Tennessee Wife Receives $8,000 a Month in Rehabilitative Alimony
Tennessee law case summary on alimony in Tennessee divorce and family law from the Tennessee Court of Appeals.
Kathryn A. Duke v Harold W. Duke III – Tennessee Rehabilitative Alimony Law – 16 Years + Married |Note: this is the second case summary on alimony in this blog.
Kathryn A. Duke, the wife and Harold W. Duke, III, the husband, were married in 1991 and had three children. The husband is a medical doctor and the owner of Emergency Services Network (ESN), a business that operates emergency departments in hospitals. The wife worked for seven years as a registered nurse but stopped working after the birth of their first child in November 1995. The mother filed for divorce in May 2007. Grounds for divorce included irreconcilable differences, inappropriate marital conduct and substance abuse. After a six day trial, the court granted the divorce, divided the marital property, gave the mother rehabilitative alimony in the amount of $8,000 a month for eight years, required the husband to pay into educational trusts for the three children and to pay the wife over $309,000 in legal fees. The mother appealed the categorization of alimony and the father appealed the award of legal fees and payments to educational trusts for the children.

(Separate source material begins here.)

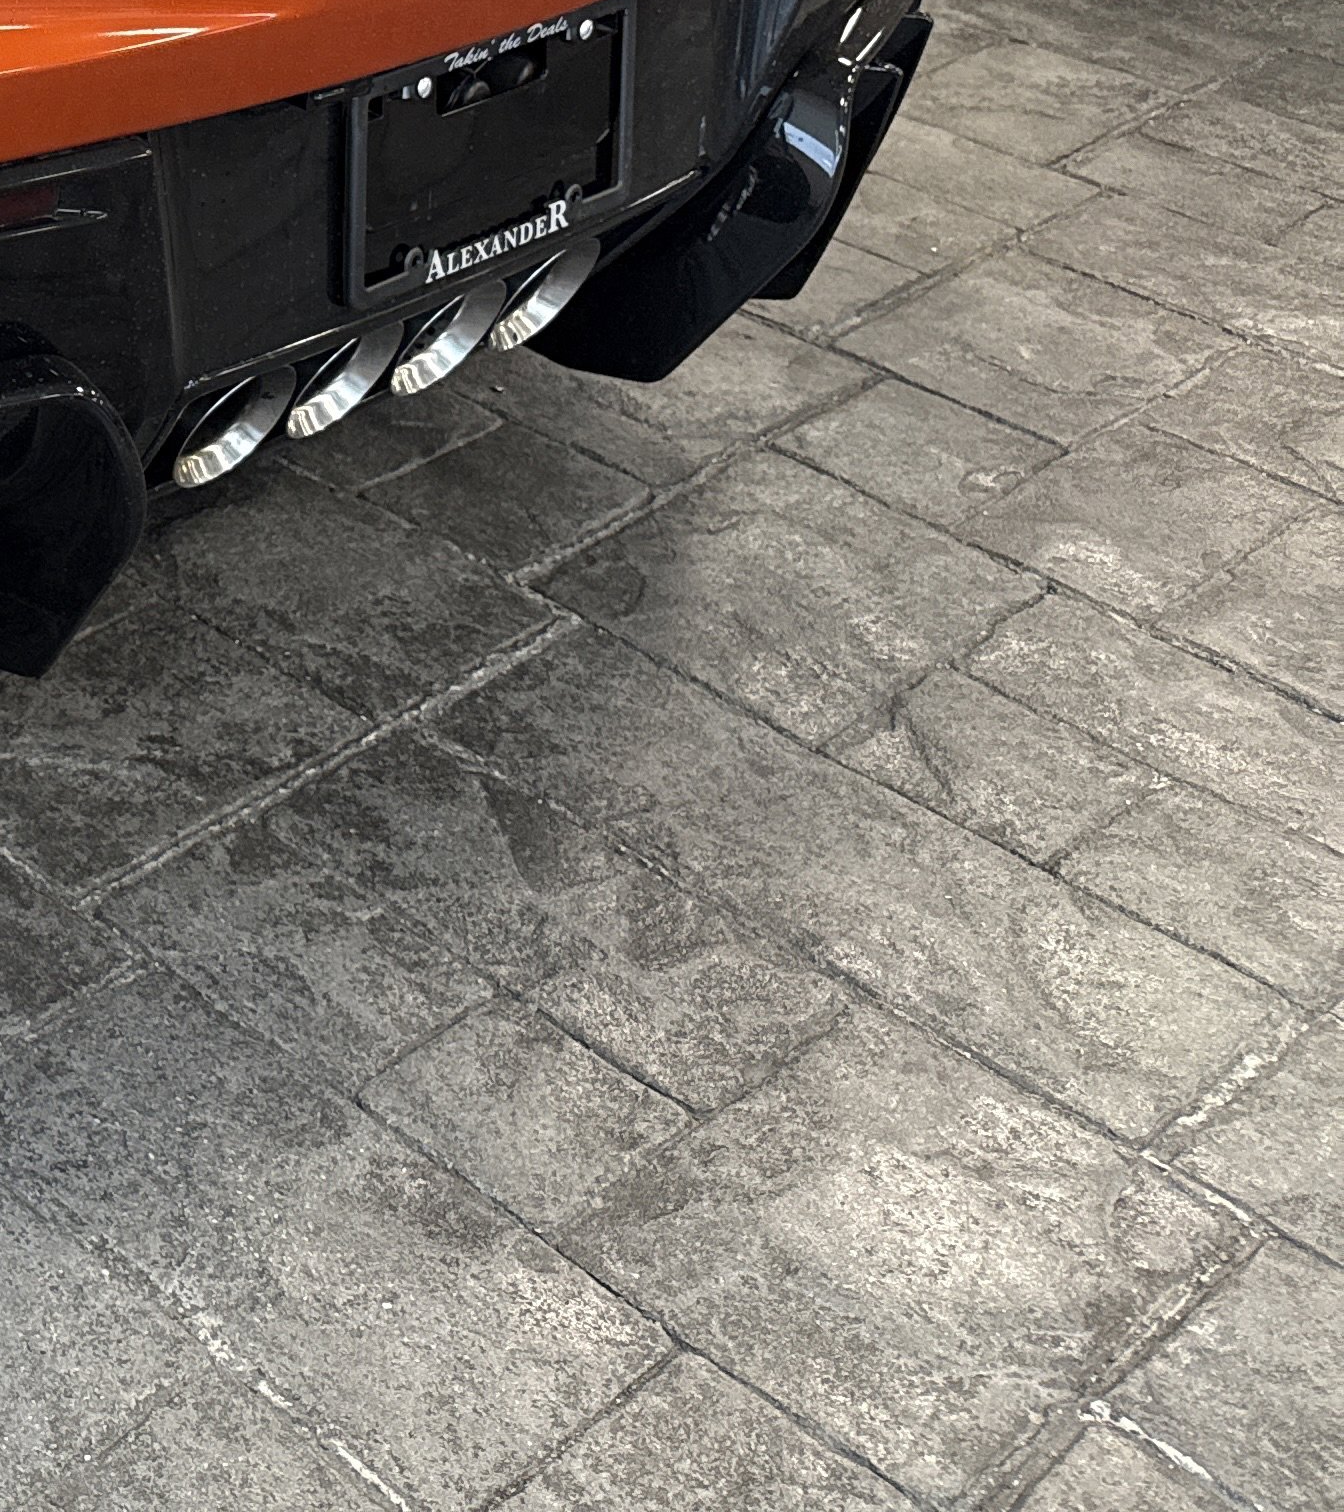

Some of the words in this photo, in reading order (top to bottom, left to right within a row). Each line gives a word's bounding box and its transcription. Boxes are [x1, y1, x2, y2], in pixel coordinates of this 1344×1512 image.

[498, 33, 521, 54] the
[527, 16, 568, 43] Deals
[425, 199, 569, 284] ALEXANDER

Trusts for higher education
The trial court ordered the father to pay into an educational trust for each of his children ($15,000 a year each for two children and $20,000 a year for the third child) for post-high school education. The father argued that these sums were well above what was required by the child support guidelines and that he had already set up accounts for his children containing amounts higher than tuition at the University of Tennessee. He argued that their college fees should be paid from those accounts. According to evidence, the accounts, which were set up prior to the start of divorce proceedings, were not specifically designated for education. However, the trial court’s order to open these educational trust funds did not include any reasoning for the amount required and neither side brought evidence regarding the future costs of higher education for the children. Therefore, the court of appeals affirmed the lower court’s ruling that the father must establish educational trusts for his children, but asked the lower court to consider the amount to be deposited in these trusts each year.

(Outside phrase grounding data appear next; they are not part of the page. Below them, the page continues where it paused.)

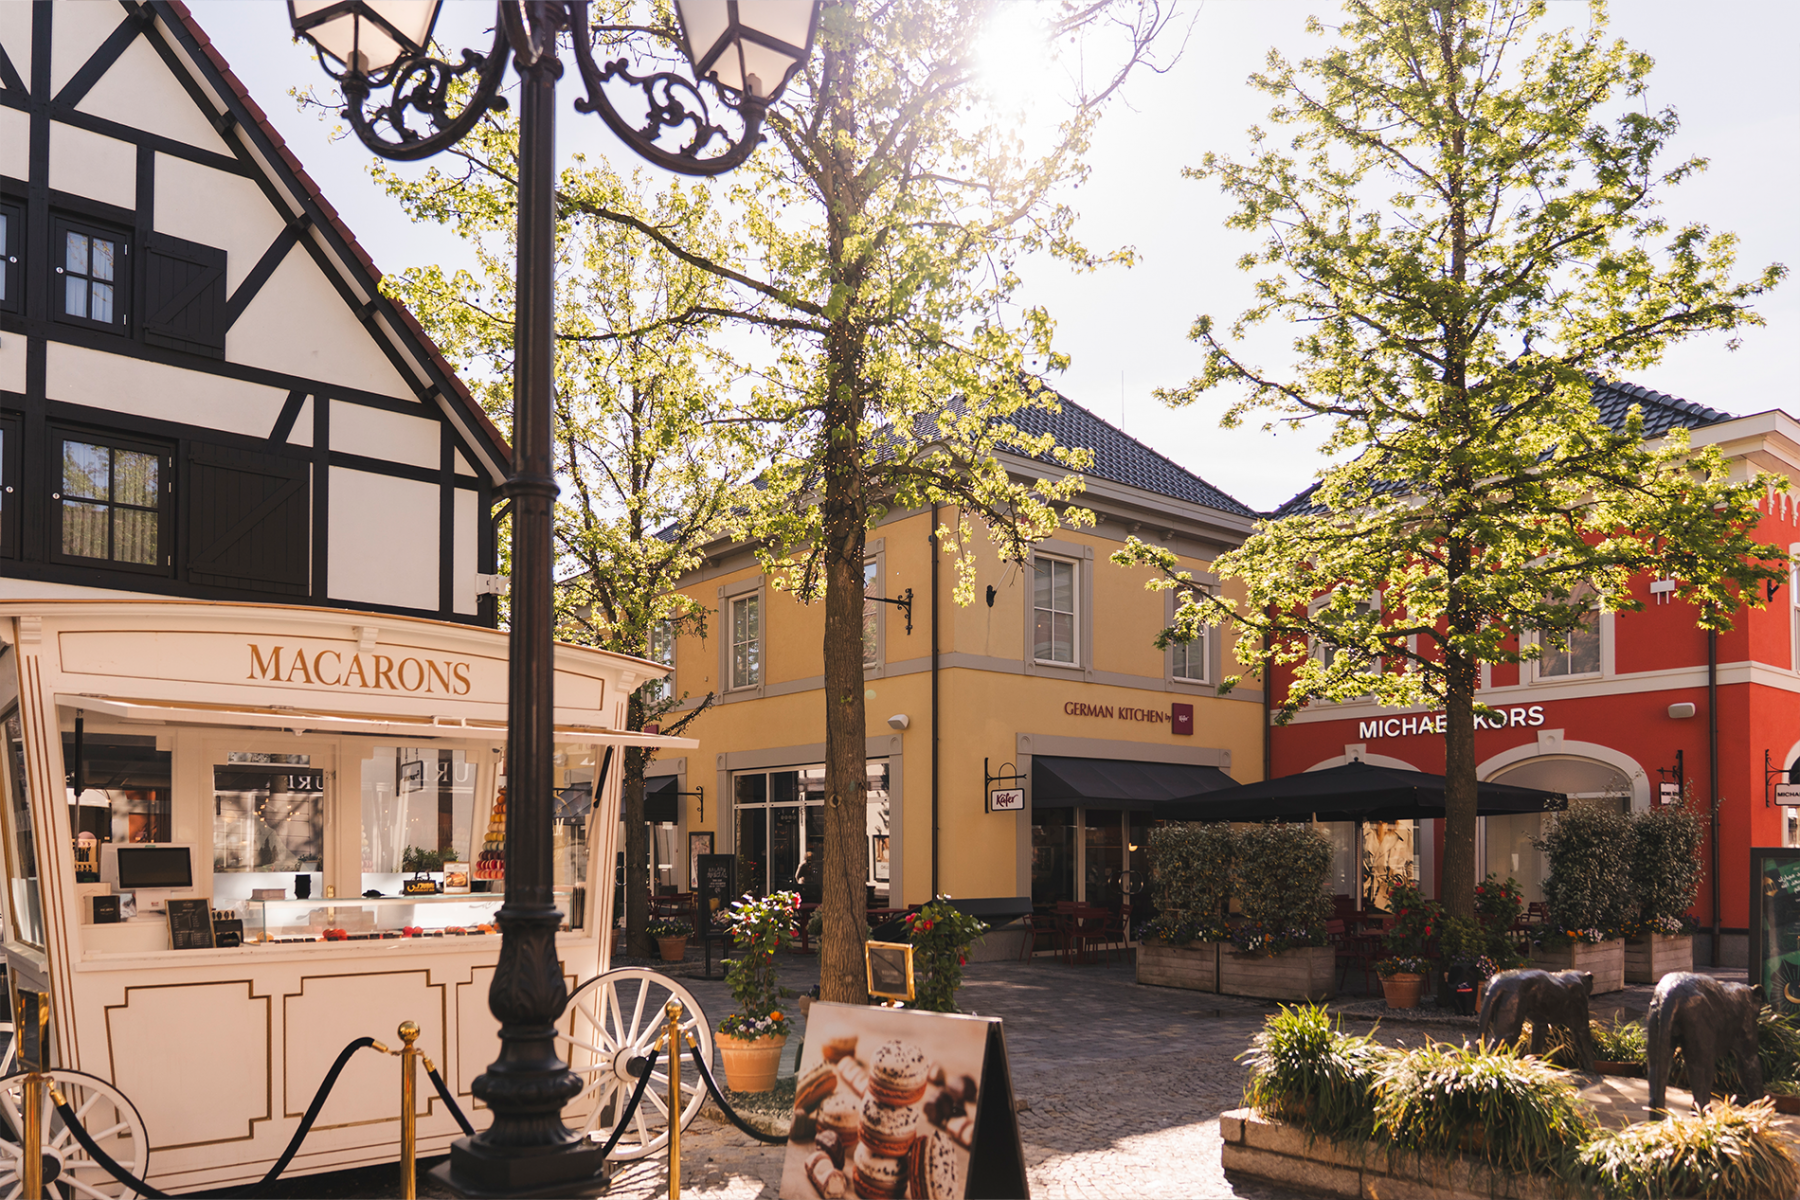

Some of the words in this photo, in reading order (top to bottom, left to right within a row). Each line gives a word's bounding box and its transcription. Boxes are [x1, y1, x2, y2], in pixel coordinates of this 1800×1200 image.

[246, 643, 471, 696] MACARONS
[1064, 701, 1114, 719] GERMAN
[1118, 706, 1164, 724] KITCHEN
[1165, 712, 1172, 724] by
[1359, 714, 1447, 739] MICHAE
[1473, 705, 1545, 730] KORS
[996, 792, 1019, 807] Käfer

Award of rehabilitative alimony is justified
On appeal, the wife argued that an award of alimony in futuro was required, and not an award of rehabilitative alimony as ordered by the trial court. According to the law, rehabilitative alimony gives the disadvantaged spouse an opportunity to gain job skills or education in order to enable her to become self-sufficient. In contrast, alimony in futuro provides long-term support, until death or remarriage, when there is an economic disadvantage and rehabilitation of the disadvantaged spouse is not feasible.
The wife argued that the court’s decision is contrary to the law, since the husband makes over $1,000,000 per year and as a nurse, the wife can never expect to approach even 10% of those earnings.
In this case, the mother is young and healthy, previously worked as a nurse and has time to work since her children are in school all day. The trial court therefore held that she can be rehabilitated. At the same time, she is in need and the husband is able to pay, which is the primary consideration when awarding alimony. Alimony in futuro, as determined in Gonsewski, is only granted when rehabilitation is not feasible and long term support necessary – the income of each spouse is not relevant. While the law requires that the post-rehabilitation standard of living of the disadvantaged spouse should be comparable to that of the other spouse, the earning disparity, “standing alone”, is not enough to prove that living standards are not comparable. Finally, the need discussed in the law is not the need to reach parity with the advantaged spouse but rather “the need to be rehabilitated to increase earning capacity and to be assisted in the rehabilitation.”
No. M2009-02401-COA-R3-CV (Tenn. Ct. App. June 1, 2012).
See original opinion for exact language. Legal citations omitted.